A lot different from the days of our grandmother, who had an enormous bed of iris plants (really enormous), and who with my grandfather visited every cemetery as far and wide as they could – the majority of the family being buried within 70 miles of Boston. The first trip each year would be a few days before Memorial Day to do cleanup around the lots and leave masses of freshly cut iris in tin vases by each grave. A week or so after, the second trip would pick up the vases and dispose of the wilted flowers.
In the 1950s they took photographs of every family stone. One of my goals is to digitize these photographs and compare them to anything that has been posted online. Sixty or seventy years can make a great difference in the condition of gravestones, so I was prepared for damage. I was not prepared for missing stones. For example, my DAR ancestor Bernice Crane and his wife Joanna were buried in Fox Cemetery in Berkley, Massachusetts. Copies of my grandparents’ photographs are reproduced here.

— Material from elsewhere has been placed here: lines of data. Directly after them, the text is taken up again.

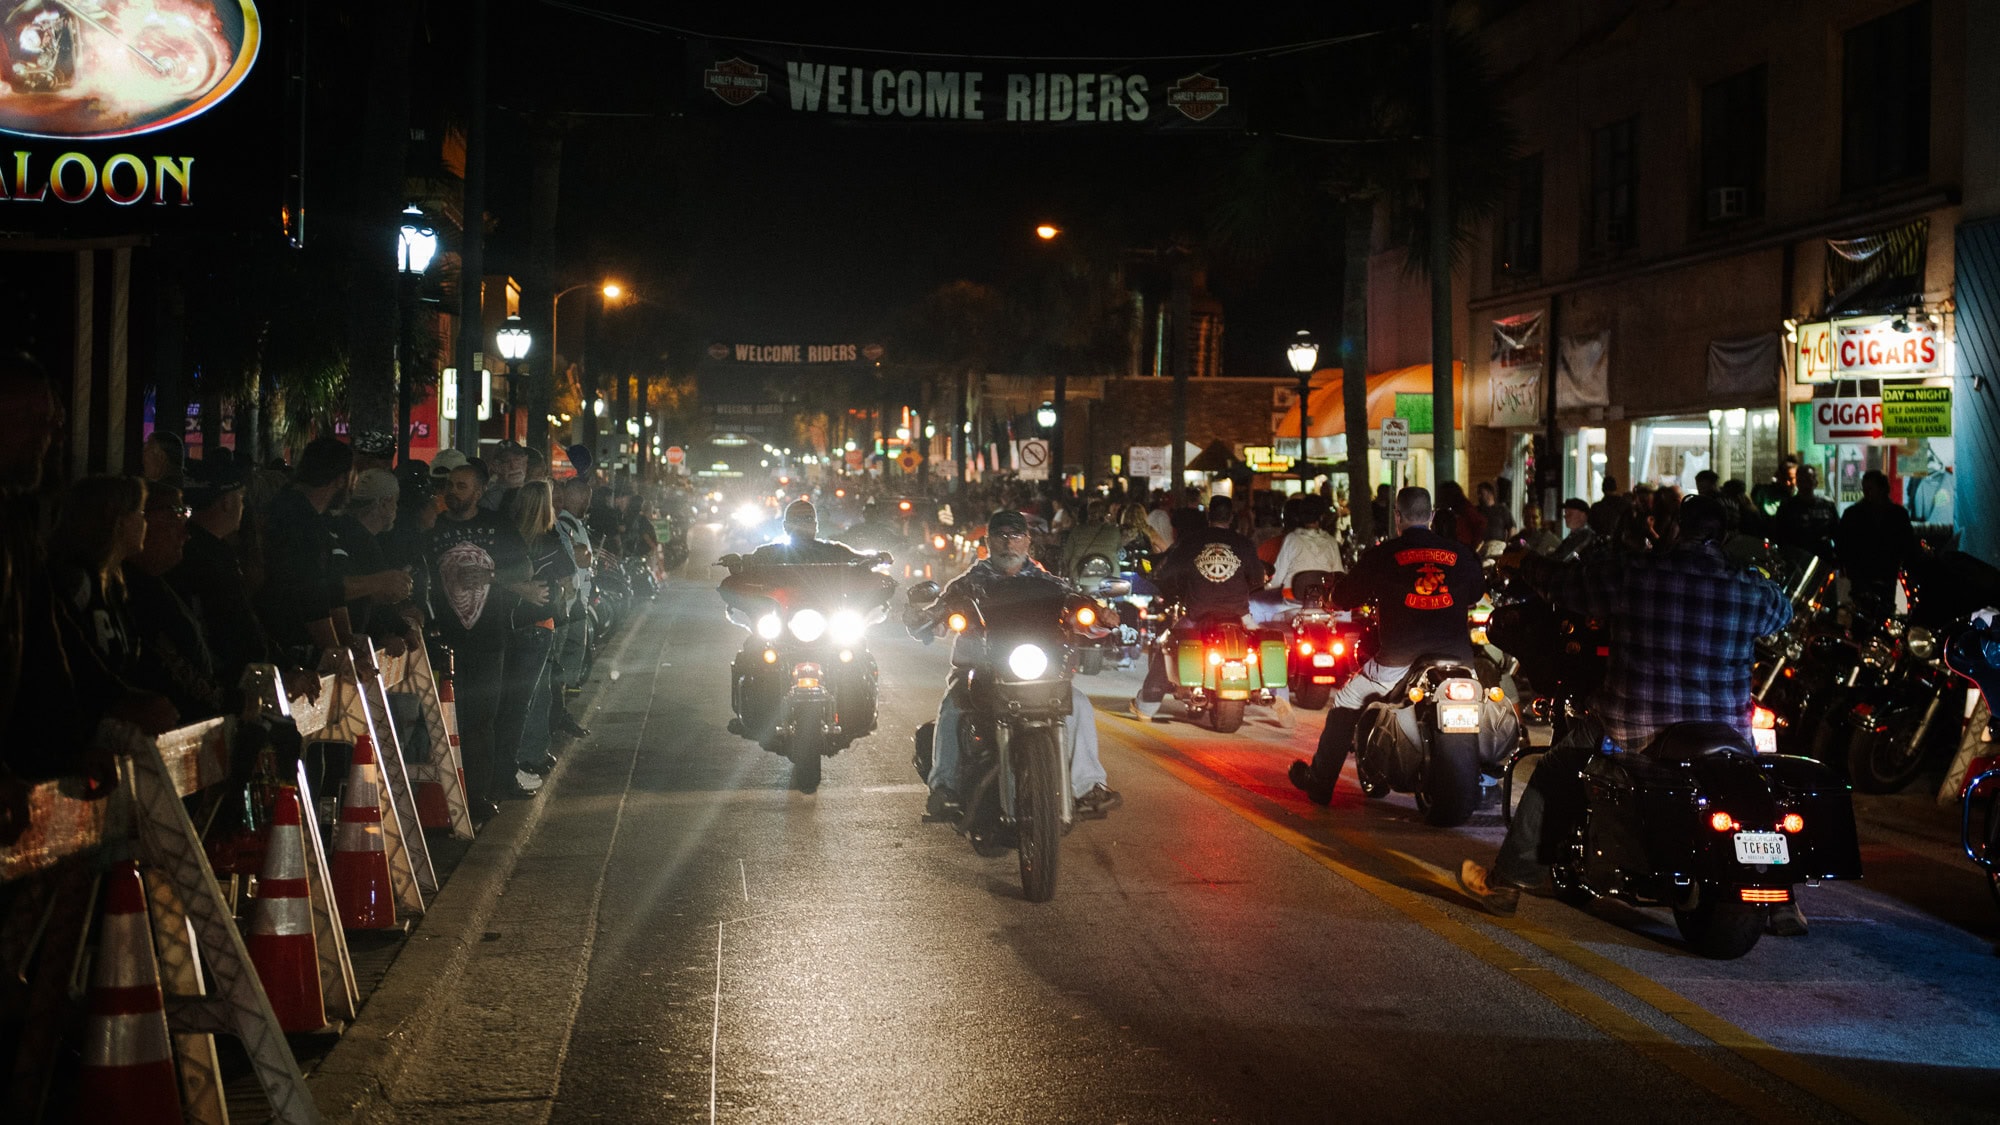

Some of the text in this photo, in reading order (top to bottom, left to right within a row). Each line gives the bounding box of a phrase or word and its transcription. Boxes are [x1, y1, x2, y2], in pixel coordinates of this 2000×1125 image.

[787, 61, 1150, 122] WELCOME RIDERS
[735, 344, 857, 362] WELCOME RIDERS
[1840, 336, 1935, 367] CIGARS
[1884, 390, 1905, 401] DAY
[1916, 389, 1948, 401] NIGHT
[1905, 406, 1945, 414] DARKENING
[1894, 415, 1939, 424] TRANSITION
[1886, 425, 1947, 433] RIDING GLASSES

I have not been to the cemetery where my parents are buried for almost two years, not since we buried my brother, David, but I will be there in June when we bury his son, Steven. When I wrote about them in my Vita Brevis post, Three Argonauts, we thought that Stevie’s ashes would be scattered at sea off Oregon, where he died. However, after much thought, the family has decided to bring him “home.” Stevie’s ashes are scheduled to arrive at my house early this week, and he will be my guest for several weeks until the burial ceremony. I would not be surprised if we had some good conversation while he is here. Having ghosts in the house doesn’t bother me – after all, I am a genealogist, so I live with ghosts all the time!